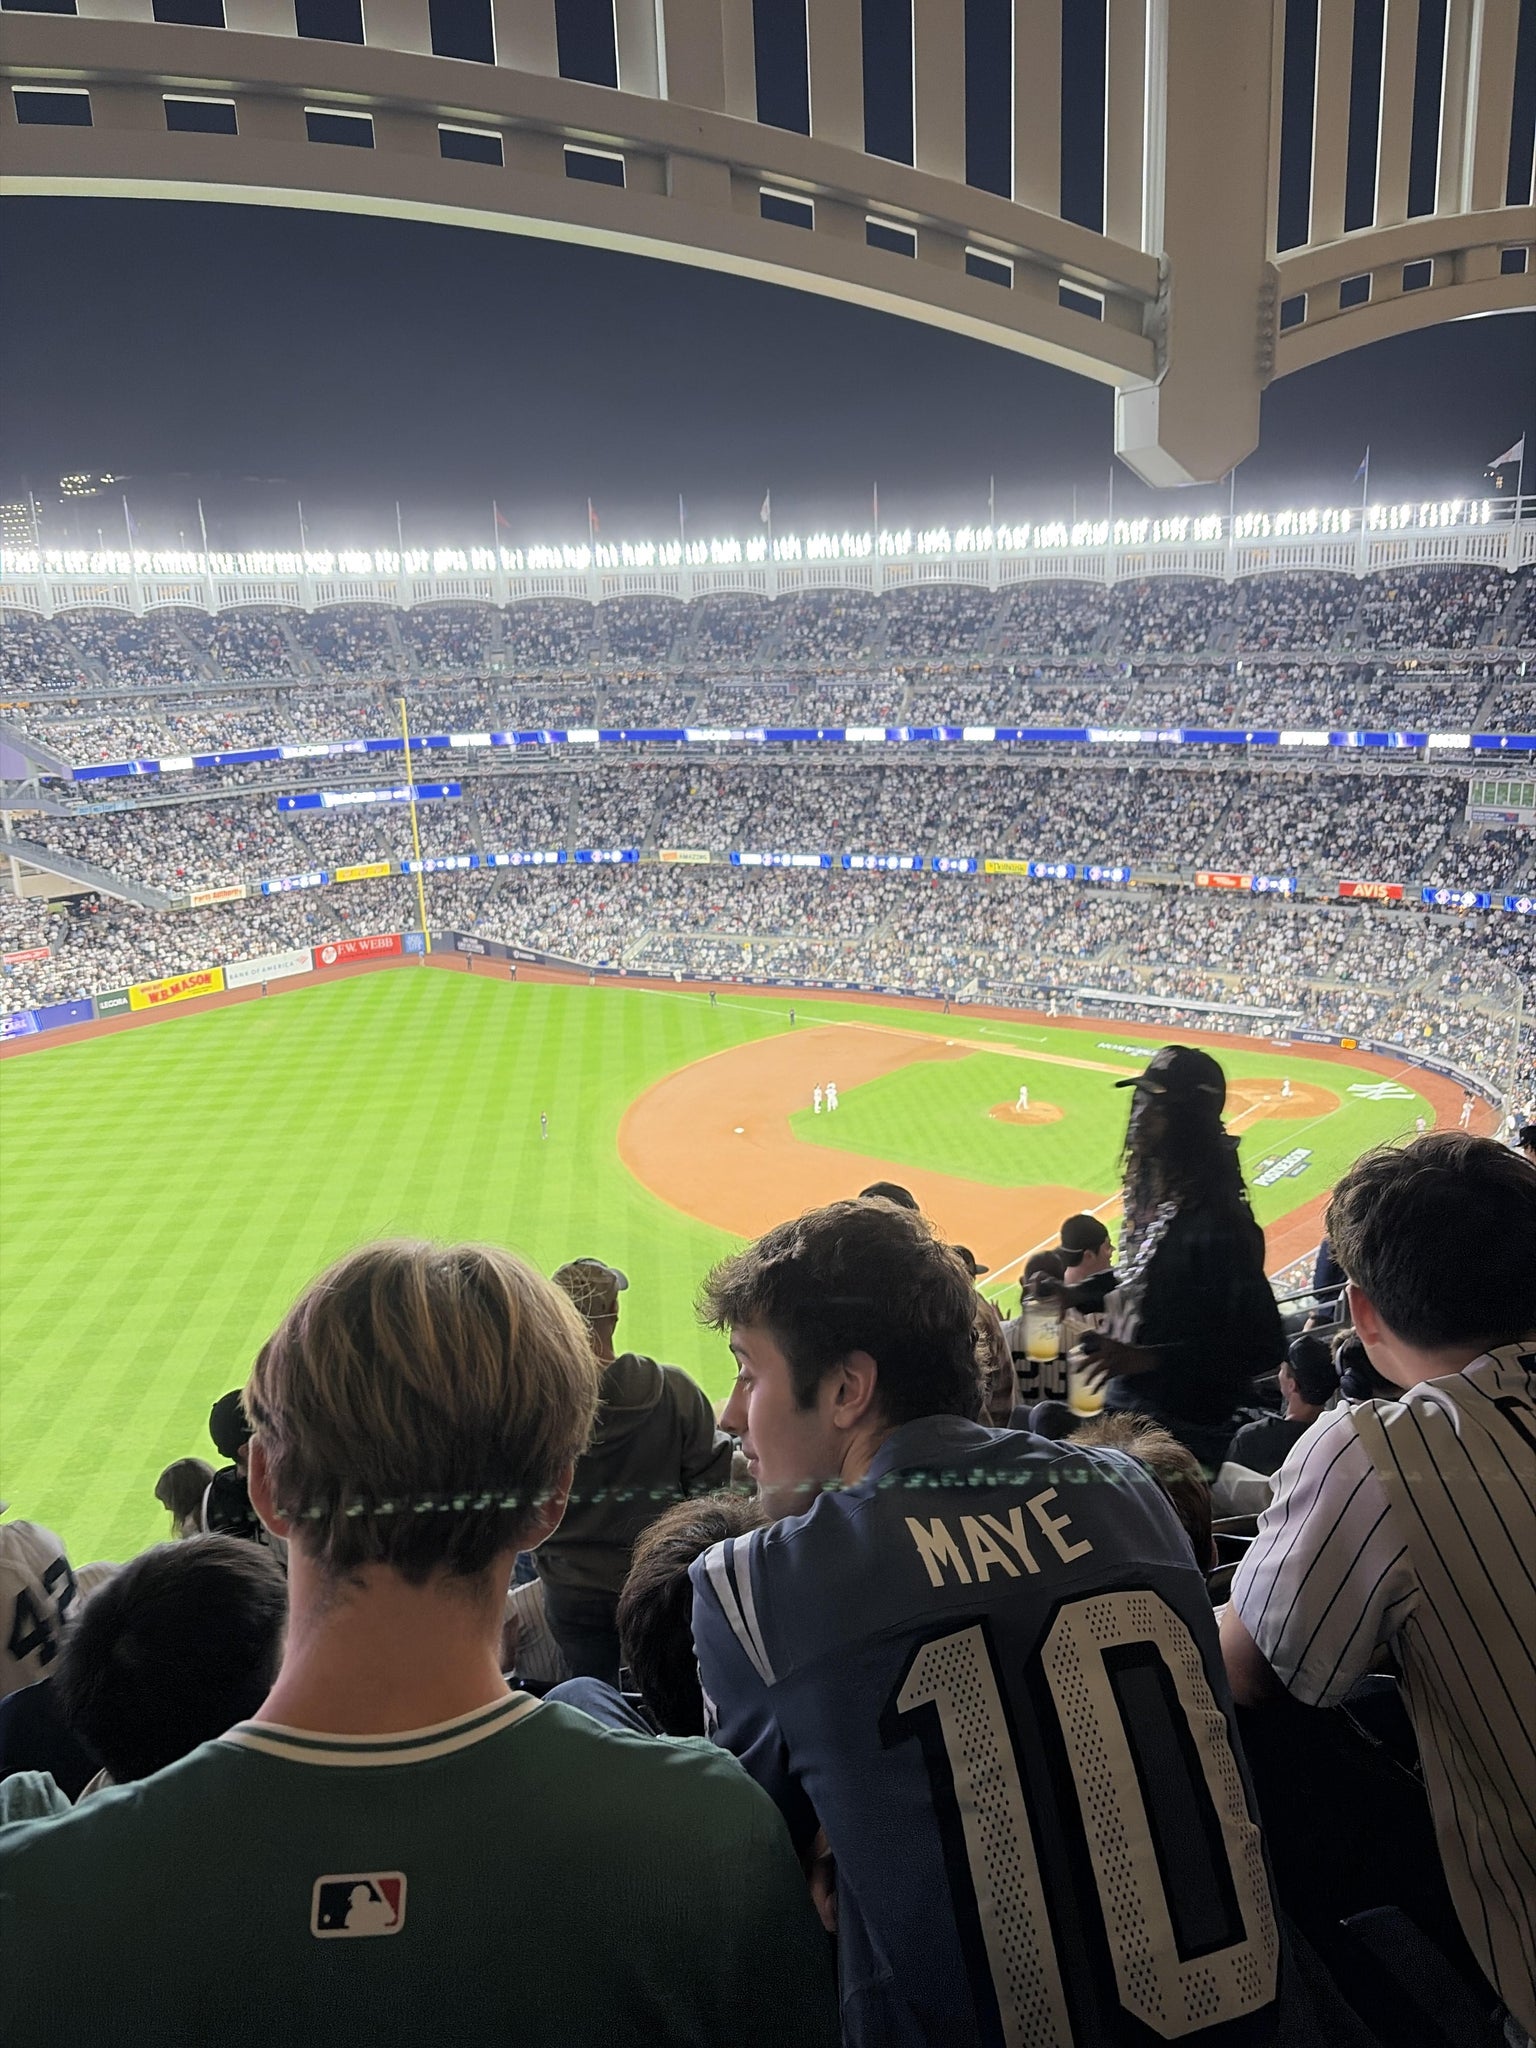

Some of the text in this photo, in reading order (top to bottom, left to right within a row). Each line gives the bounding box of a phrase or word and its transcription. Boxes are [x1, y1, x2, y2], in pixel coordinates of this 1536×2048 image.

[1352, 883, 1388, 897] AVIS
[338, 937, 394, 955] F.W. WEBB
[229, 970, 249, 980] BANK
[262, 961, 294, 973] AMERICA
[1252, 1147, 1313, 1187] POSTSEASON
[905, 1487, 1094, 1587] MAYE
[882, 1582, 1283, 2048] 10
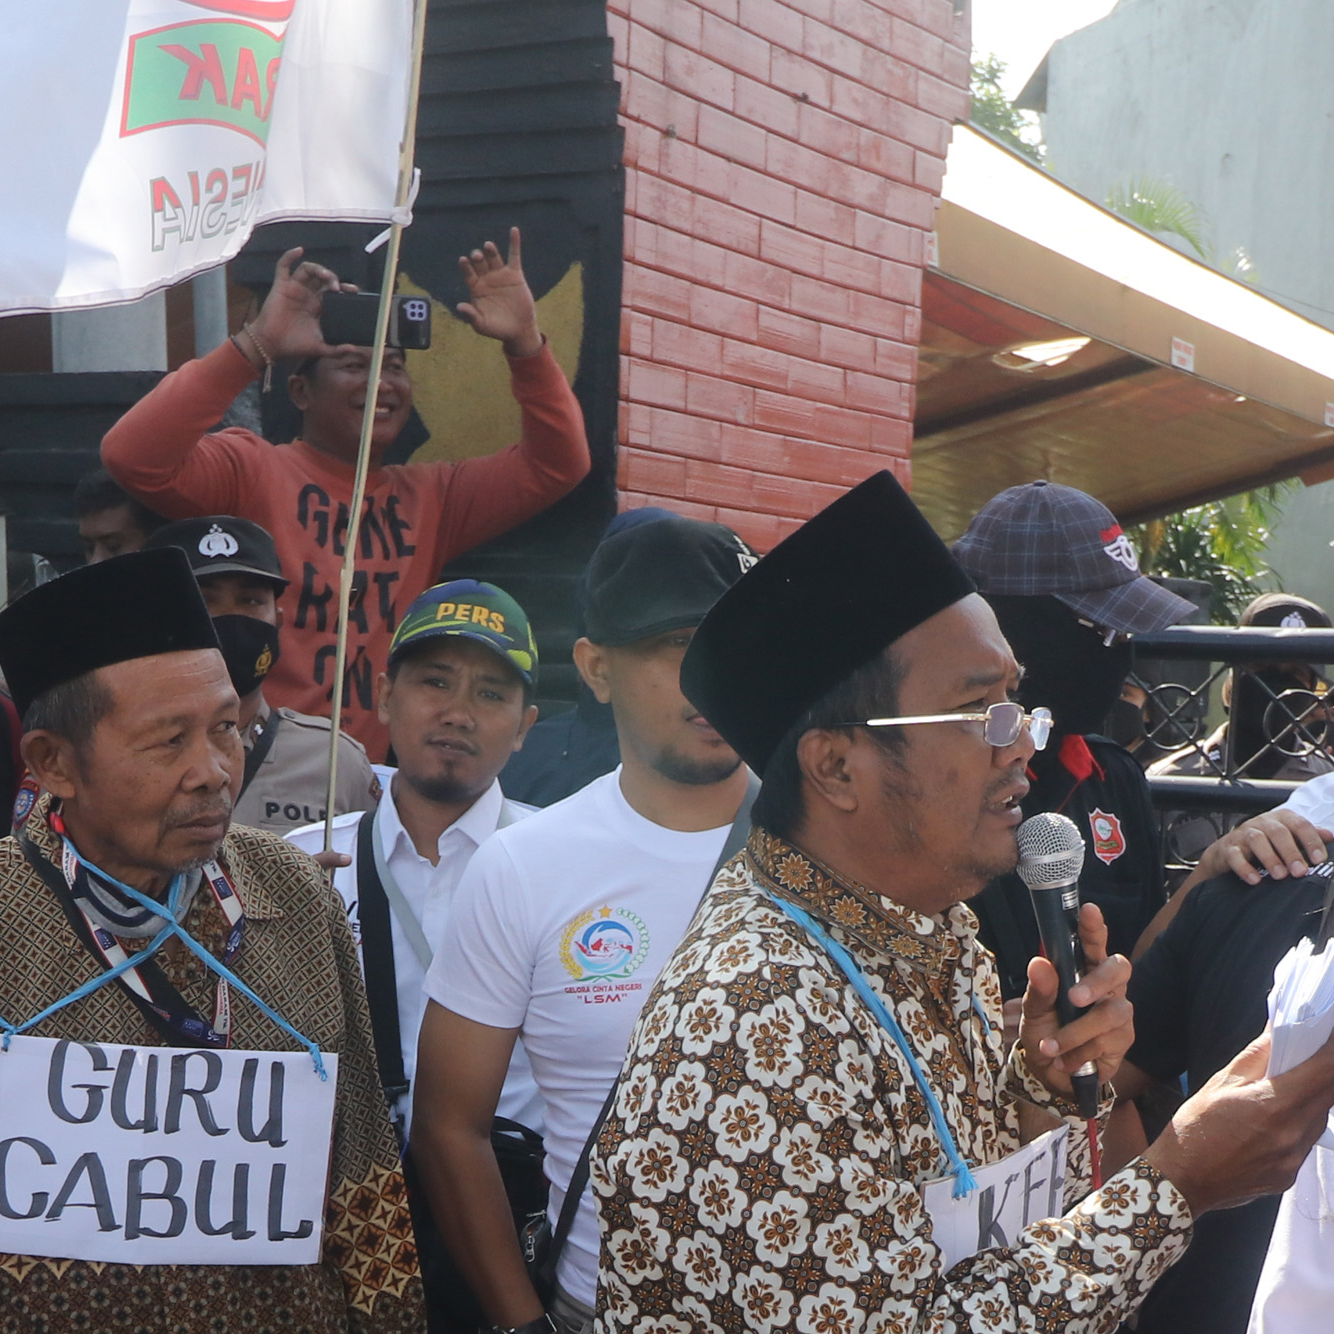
•••
*Directions for this task:* Print out every entry above without changing a word, and leave out the pictures.

*Response area:*
Some of the text in this photo, in reading order (top to bottom, left to right within a row). Each line gives the bounding box of a phrase or word and its transcription. Boxes are [x1, y1, x2, y2], in pixel coordinates of this 1536×2048 image.

[1352, 883, 1388, 897] AVIS
[338, 937, 394, 955] F.W. WEBB
[229, 970, 249, 980] BANK
[262, 961, 294, 973] AMERICA
[1252, 1147, 1313, 1187] POSTSEASON
[905, 1487, 1094, 1587] MAYE
[882, 1582, 1283, 2048] 10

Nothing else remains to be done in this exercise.